Senator Lt Col GOULD - Reference has been made to the usefulness of torpedo fleets, and if a proposal is introduced to carry out the suggestion offered!, I shall be prepared to support it, so that we may have some floating defences, as well as the fixed defences on shore. The amount of damage clone by the bombardment of any of our great cities would be simply incalculable.

Senator Playford - Bombardments do not cause so much damage, after all. Look at the result of the bombardment of Paris.

Senator Lt Col GOULD .- A great deal of damage was done to Paris.

Senator Playford - There was precious little.

Senator Lt Col GOULD - In any case, such an event would greatly damage the prestige of Great Britain, and the Government ought to take every possible step to make this country practically impregnable. We talk a great deal about the annual expenditure on our defences, but if we compare it with the expenditure by some smaller countries, with no greater population than ours, or with the expenditure of Great Britain, we find it to be a mere bagatelle. It would be a wise policy to expend more on our defences.

Senator Playford - We spend annually over £1,000,000 now.

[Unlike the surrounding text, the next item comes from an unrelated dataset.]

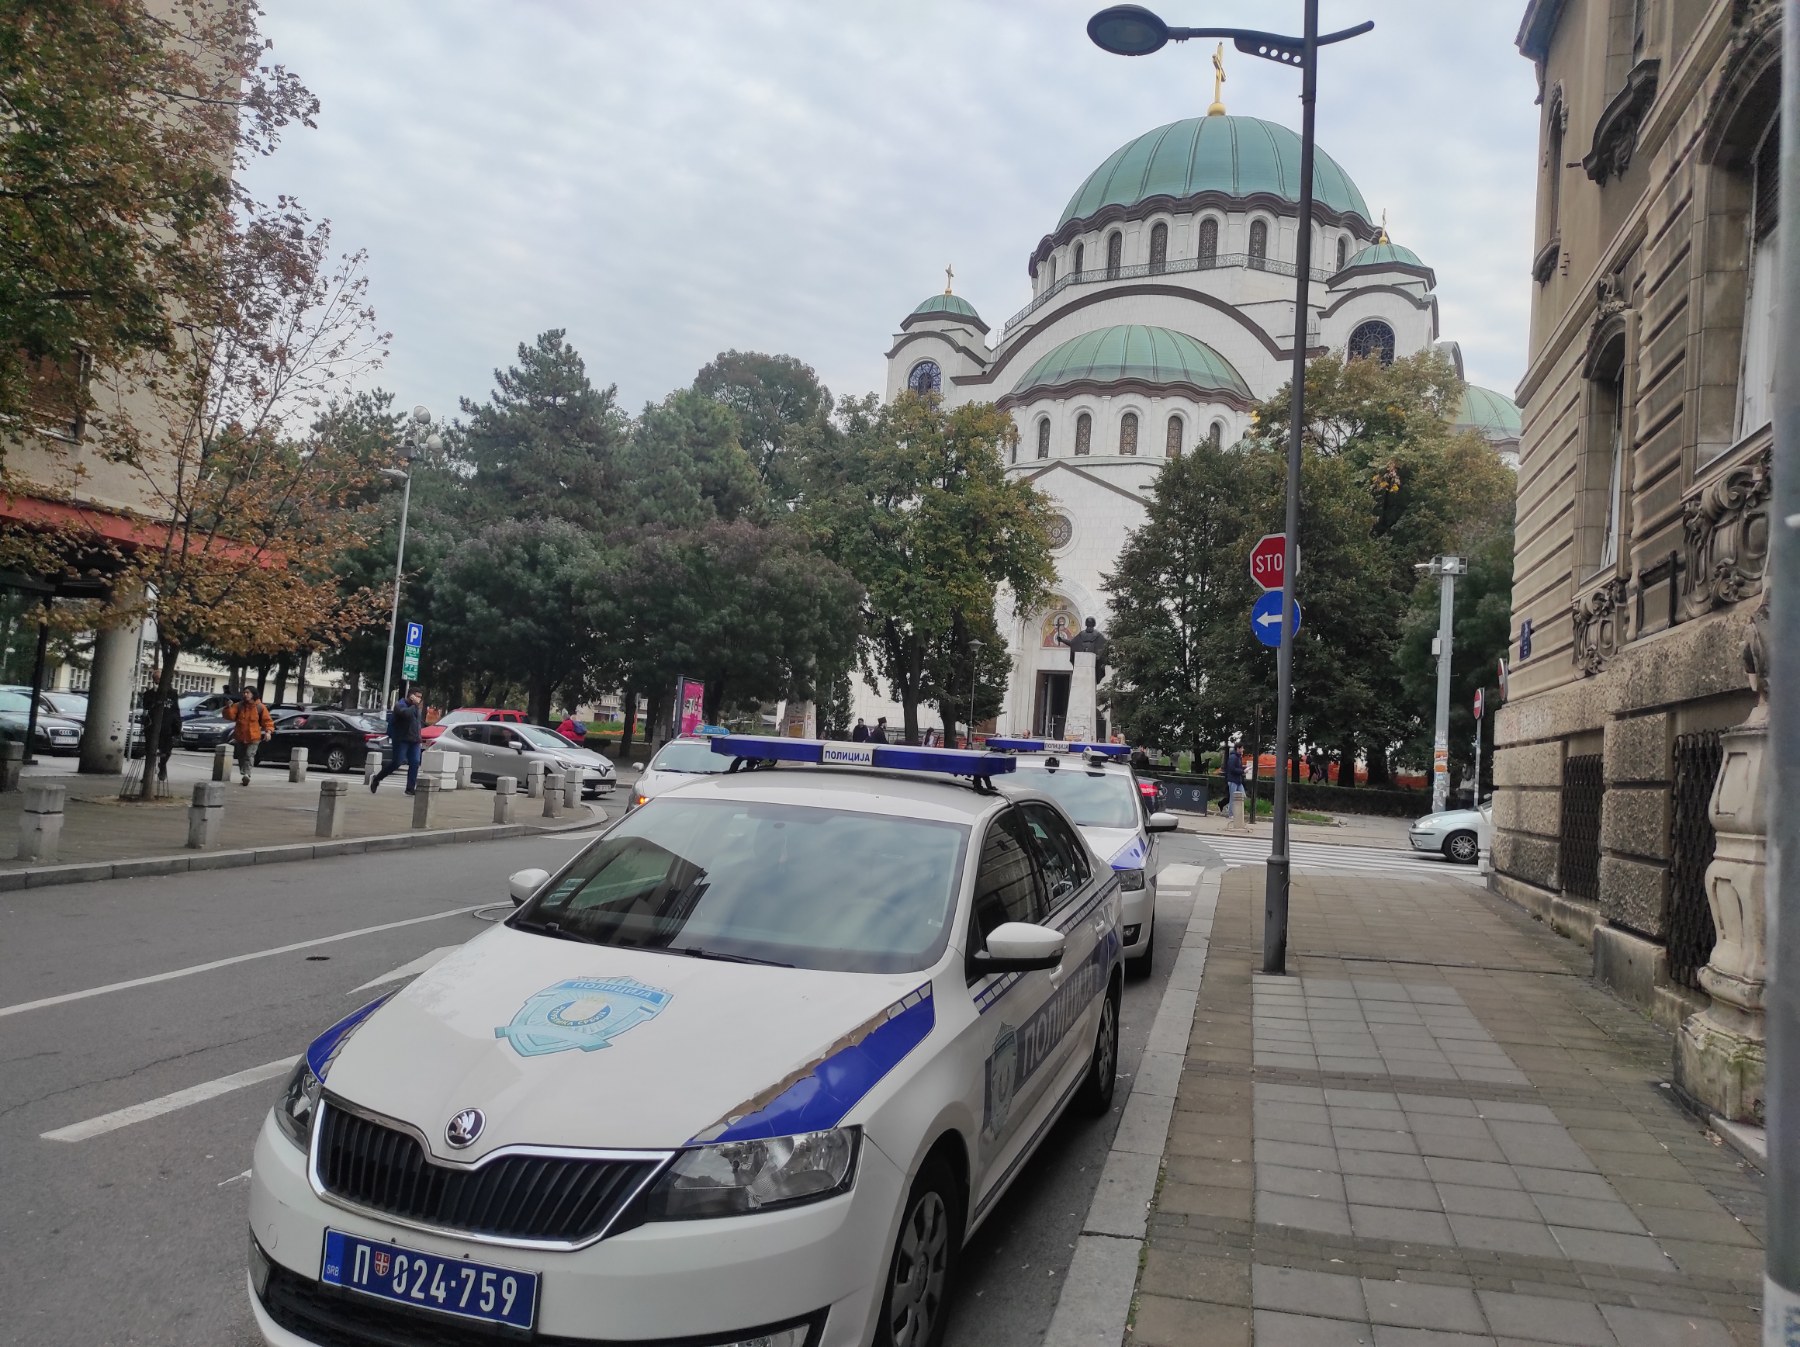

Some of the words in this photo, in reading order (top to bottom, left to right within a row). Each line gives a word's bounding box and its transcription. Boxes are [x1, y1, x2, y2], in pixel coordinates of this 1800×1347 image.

Senator Lt Col GOULD .- It would be wise also not to regard officers who happen to be Australian as the only officers capable of taking charge of our defences. That has been suggested, and we also hear that our Inspector-General is to be an Australian.

Senator Playford - Hear, hear !

Senator Lt Col GOULD .- That is to be the qualification.

Senator Playford - Oh, no.

Senator Lt Col GOULD .- The qualifications ought to be fitness and ability.

Senator Playford - We have men with such qualifications.

Senator Lt Col GOULD - If we have Australian officers possessing the requisite ability, no one would, be better pleased than I should be to see them appointed to these high positions. But we should not imagine in regard to military or other matters that an Australian must necessarily have a monopoly of ability. No one is more anxious than I am that Australians shall occupy the most prominent positions in the Commonwealth service, but I do not wish them to do so at the cost of efficiency.

Senator Playford - And it will not be done at the cost of efficiency.

Senator Lt Col GOULD .- The Minister is acting wisely in sending to England and India officers who are to receive special military instruction. I hope that he will send still more away, for in that way we shall help to fit Australians to fill the high positions in the service. I deprecate the cry of " Australia for the Australians," irrespective of merit. " We have practically the whole of the British Empire from which to make a selection, and we should be careful to recognise merit and to appoint the most capable men. If that be done, I shall be satisfied. I have no desire to further discuss the Address-in-Reply. I regard the Vice-Regal Speech as a verv fine electioneering platform. It is very verbose, and commits the Government to little. As a rule, that is, I suppose, regarded as one of the advantages of an electioneering speech, although a few that have been .delivered here have certainly been definite and clear. I have no doubt that the Address-in-Reply will be carried without difficulty, and that by-and-by we shall have an opportunity to discuss more fully many other matters that are touched upon in it.